Rispetto all’immaginario della biopolitica come si è posizionato il femminismo della differenza italiano nel suo confronto con il contesto francese e rispetto alla queer theory? Secondo Nadia Setti, codirettrice del Centro di studi di genere e professoressa di letteratura comparata e di studi di genere dell’Université di ParisVIII, il nodo fondamentale è quello dell’identità politica. Da una parte la critica queer e la ridiscussione dell’idea di una identità di genere a partire dalla marginalità delle minoranze, dall’altra le politiche dell’identificazione in quanto soggetti, assoggettati nel senso di identificati da un’identità dichiarata. Ancora una volta è stato aperto il vaso di Pandora, da cui le oscillazioni, le ambivalenze e i molteplici passaggi tra identificazione e dis-identificazione.
La ridiscussione dell’idea stessa di identità a partire dalla (fruttuosa) marginalità delle minoranze sessuali GLBTQ ha a sua volta marginalizzato il posizionamento del pensiero della differenza italiano e la nozione di «differenza sessuale».

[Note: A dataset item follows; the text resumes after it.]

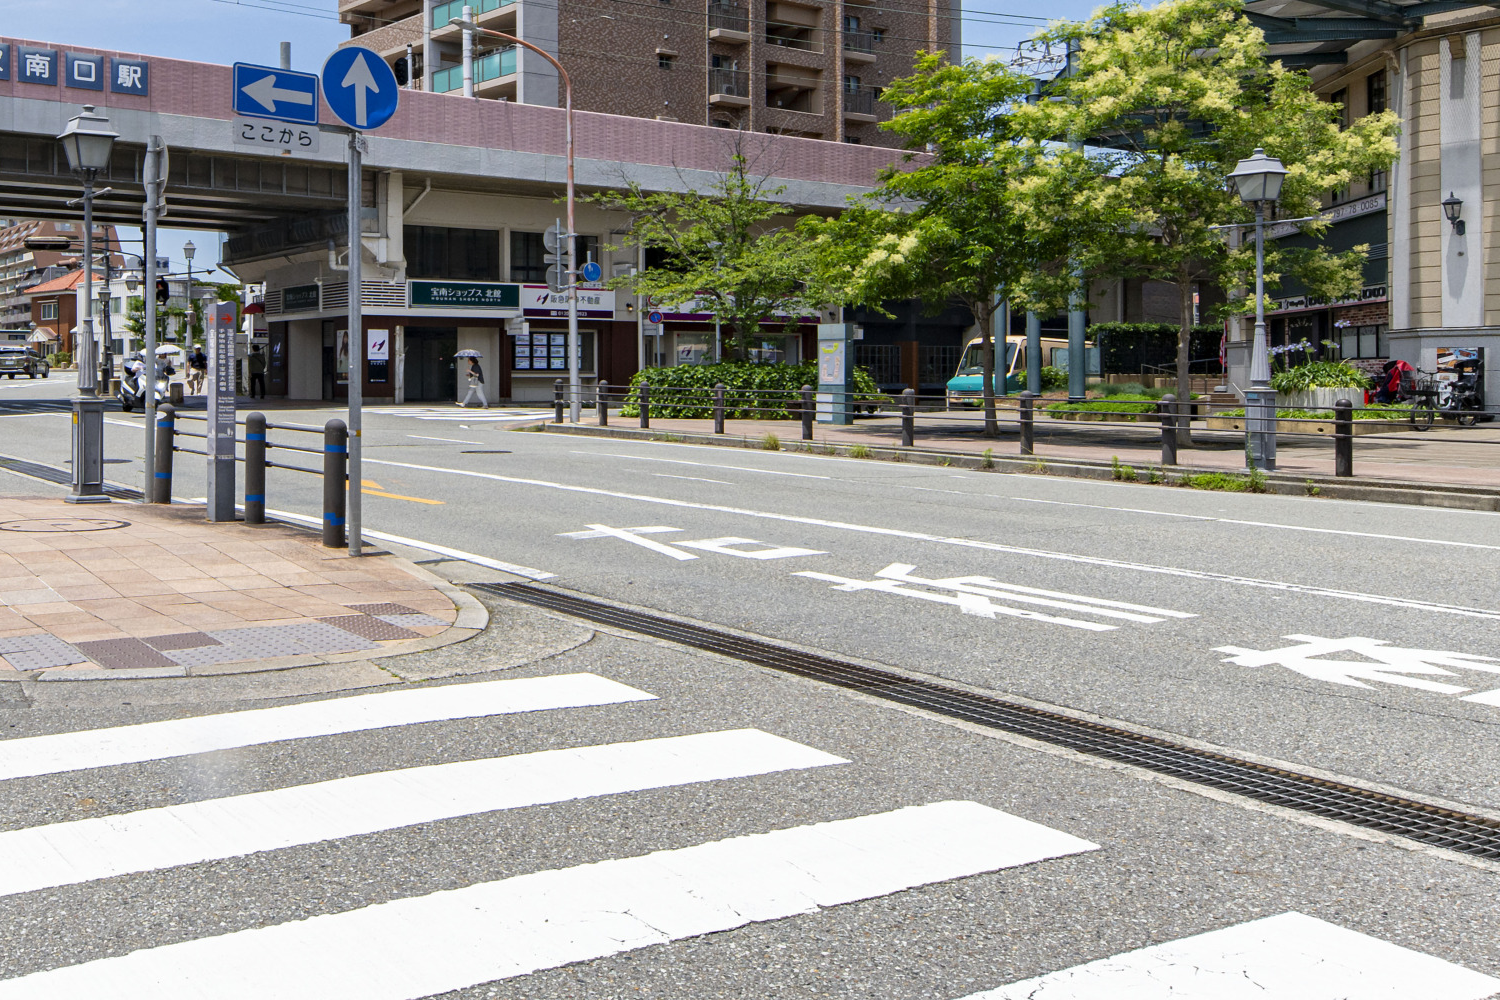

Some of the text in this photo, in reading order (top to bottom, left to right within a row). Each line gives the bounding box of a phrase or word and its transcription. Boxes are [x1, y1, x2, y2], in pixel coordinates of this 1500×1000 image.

Nel ripensamento della nozione di biopolitica in relazione ai corpi sessuati nasce il seminario dal titolo Le / la biopolitique: sens, usages, limites ou contestations du terme dans le champ de la réflexion sur le genre et les sexualités (Il biopolitico/La biopolitica: senso, uso, limiti o contestazioni del termine nel campo della riflessione sul genere e le sessualità), organizzato dal Centre d’études féminines et d’études de genre dell’Université di ParisVIII e dall’Unità Mista di Ricerca LEGS.

Anne Emmanuelle Berger, professeur di letteratura francese e di studi di genere, autrice del prossimo And Yet She Speaks: Italian Feminism and Language, nel volume Another Mother: Essayes on Italian Feminism, Cesare Casarino and Andrea Righi eds, University of Minnesota Press, 2017), nonché direttrice del LEGS, ci risponde in merito alle motivazioni di tale scelta:

Anne Emanuelle Berger
Biopolitica come politiche dei/sui corpi. Quali sono le motivazioni che vi hanno condotto alla scelta di un seminario sulla «biopolitica»?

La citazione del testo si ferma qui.